イオン選択性電極 認識化合物 および イオン感応膜の開発

工学部

応用化学科

認識化学・物性解析研究室

森内隆代 教授

 金属イオンは、生体内で、水分調整や代謝などに大きく関与しています。当研究室では、社会の求める実用センサーを目指し、「目的のイオンを識別する認識化合物」を設計・合成しています。  そして、実際に用いられているイオン選択性電極としての性能評価や、センサー部となるイオン感応膜の開発を行っています。

 イオン選択性電極(ion-selective electrode)ISEとは、混合溶液中の特定イオンのみに感応し,そのイオン活量に対応した電位を発生させる電気センサである. 応答が迅速で取り扱いが容易なため,環境・臨床分野において多様されている.例えば,臨床検査用の生化学自動分析装置の中にも,ISEが組み込まれている.そのため,実用的な化学センサーとしてより迅速かつ安定した電位とより高いイオン選択性が社会ニーズとなっている.ISEは電極膜でイオンを感知しており,ごく少量のイオン感応物質が含有されている.高いイオン選択性のためには,イオン認識化合物の開発が必須である.本研究では,より高い識別能を有するイオン認識化合物の創製,および,より性能の良いイオン感応膜の開発を行っている.

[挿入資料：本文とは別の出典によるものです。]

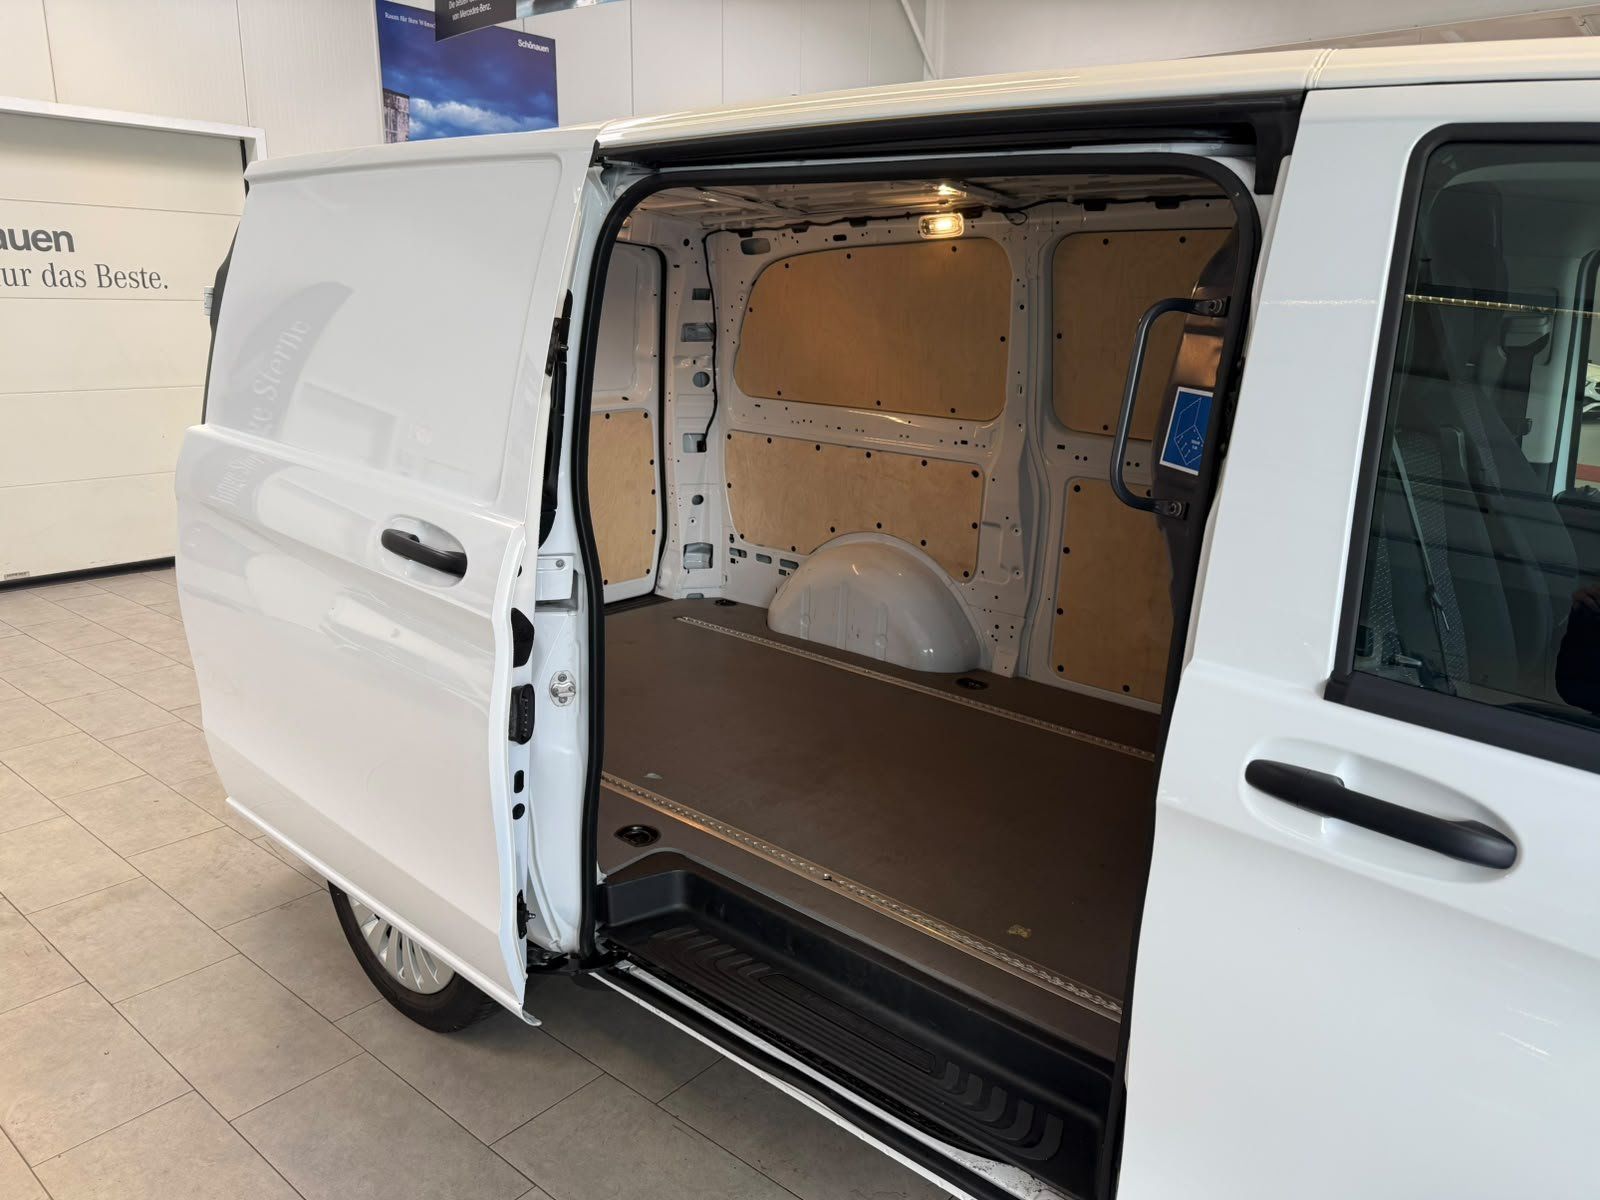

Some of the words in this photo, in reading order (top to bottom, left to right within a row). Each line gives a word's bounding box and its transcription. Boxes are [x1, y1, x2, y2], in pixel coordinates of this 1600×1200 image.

[385, 12, 399, 21] Raum
[517, 38, 550, 54] Schönauen
[0, 267, 32, 288] ur
[41, 262, 88, 289] das
[94, 263, 169, 291] Beste.
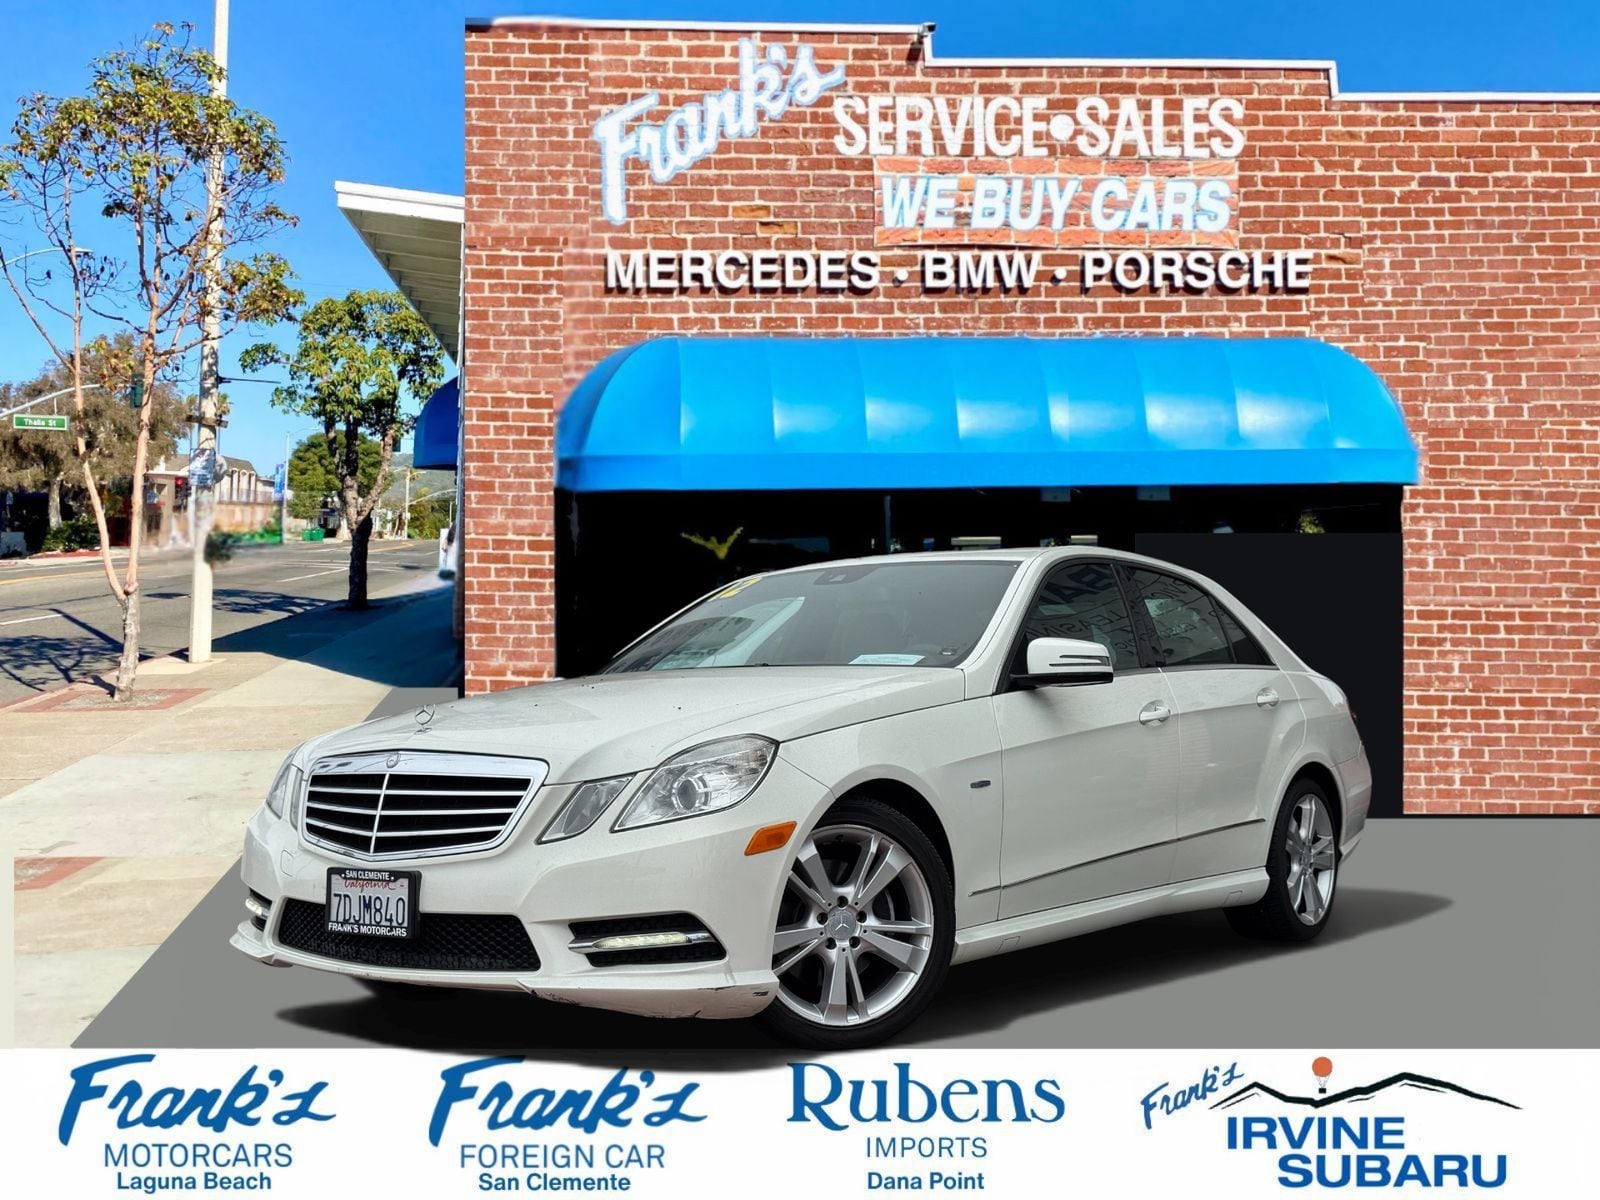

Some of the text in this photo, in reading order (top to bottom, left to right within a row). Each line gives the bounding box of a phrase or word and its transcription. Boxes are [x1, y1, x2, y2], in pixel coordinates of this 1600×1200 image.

[593, 37, 846, 225] Frank's
[833, 95, 1246, 158] SERVICE SALES
[880, 176, 1233, 233] WE BUY CARS
[606, 248, 1313, 291] MERCEDES BMW PORSCHE
[345, 870, 390, 881] SAN CLEMENTE
[328, 922, 407, 937] FRANK'S MOTORCARS
[333, 893, 406, 927] 7DJM840

 例えば,半経験的手法という比較的簡便な分子軌道計算を行い,12-クラウンー4 の安定化構造が イオン包接の最適構造となっていないこと,そして、同じ環サイズでも酸素数の違う 12-クラウンー3 の方がイオン包接に適していることを見出している.さらに導入置換基をアレンジすることにより,最大妨害イオン(リチウム)との識別能を格段に向上させたNa+イオン選択性電極の開発に成功している.

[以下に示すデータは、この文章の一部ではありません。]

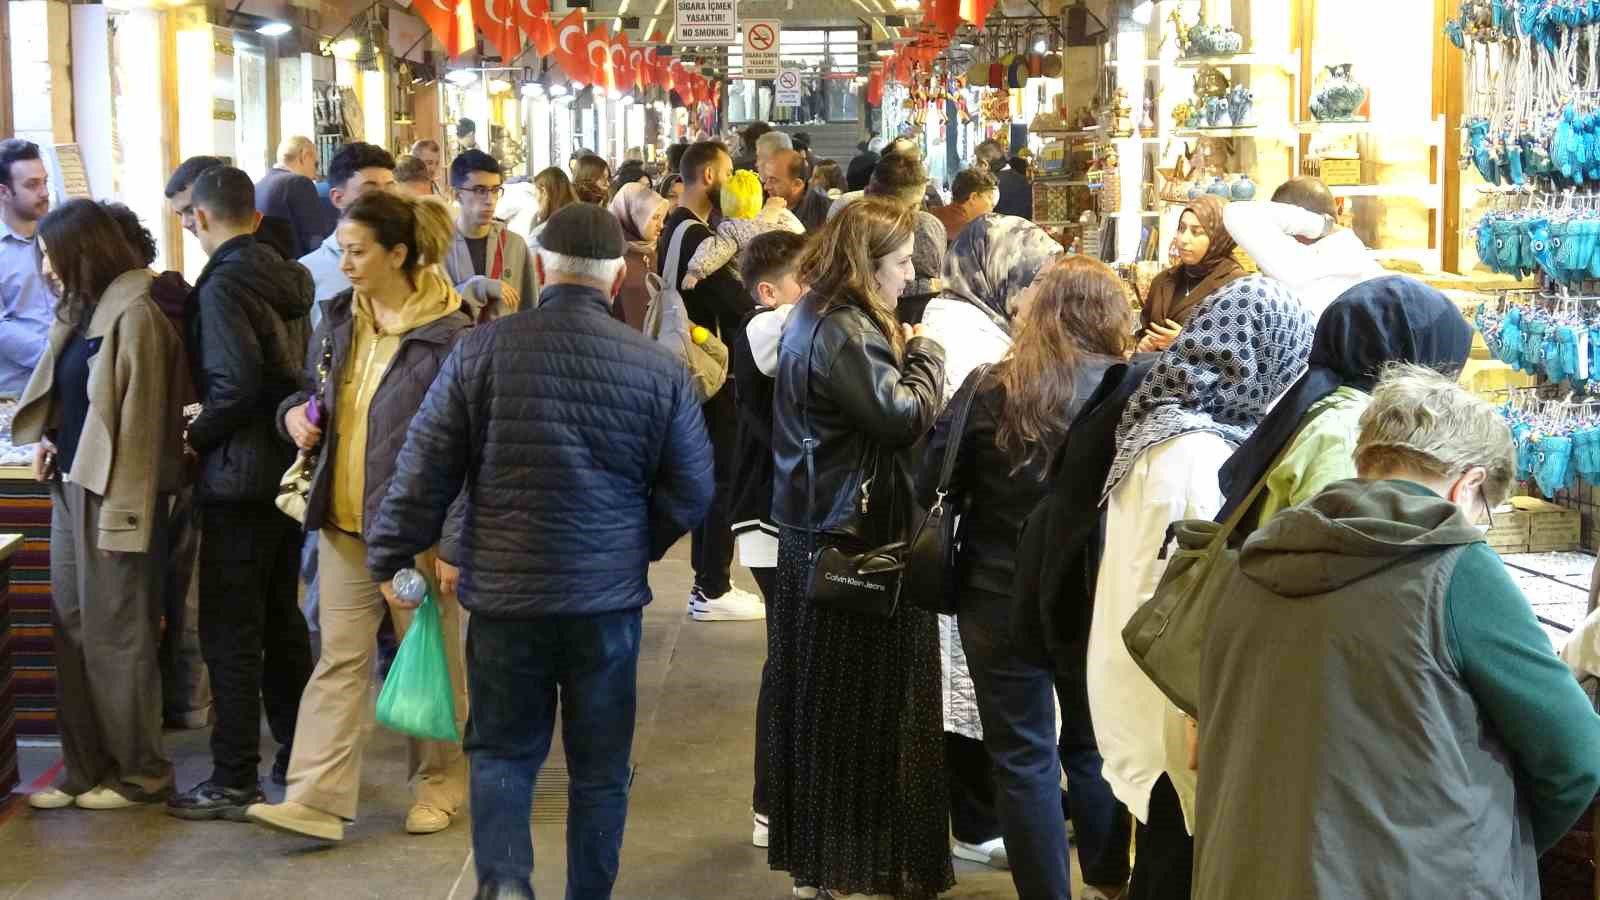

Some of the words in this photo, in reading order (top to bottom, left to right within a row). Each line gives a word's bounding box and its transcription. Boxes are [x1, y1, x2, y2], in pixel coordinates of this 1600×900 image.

[686, 13, 726, 22] YASAKTIR!
[682, 28, 693, 37] NO
[694, 28, 729, 37] SMOKING
[825, 572, 847, 584] Calvin
[847, 576, 864, 587] Klein
[864, 580, 886, 591] Jeans

 現在は,小型化を目指し,カード型ISEやISFETの開発に取り組んでいる.

論文

「Proton spin relaxation study with pulsed NMR on the plasticization of Na+ ion-selective electrode membranes prepared from PVCs with different degrees of polymerization」(2020)森内隆代『Analyst』Vol.145 (No.11)p.3832 - 3838.

「Ionophoric Properties of [14]Tetraazaannulene Derivatives and Substituent Effect on the Cation-selectivity」(2017)森内隆代『Electroanalysis』Vol. 29 (No. 7)p.1712–1720.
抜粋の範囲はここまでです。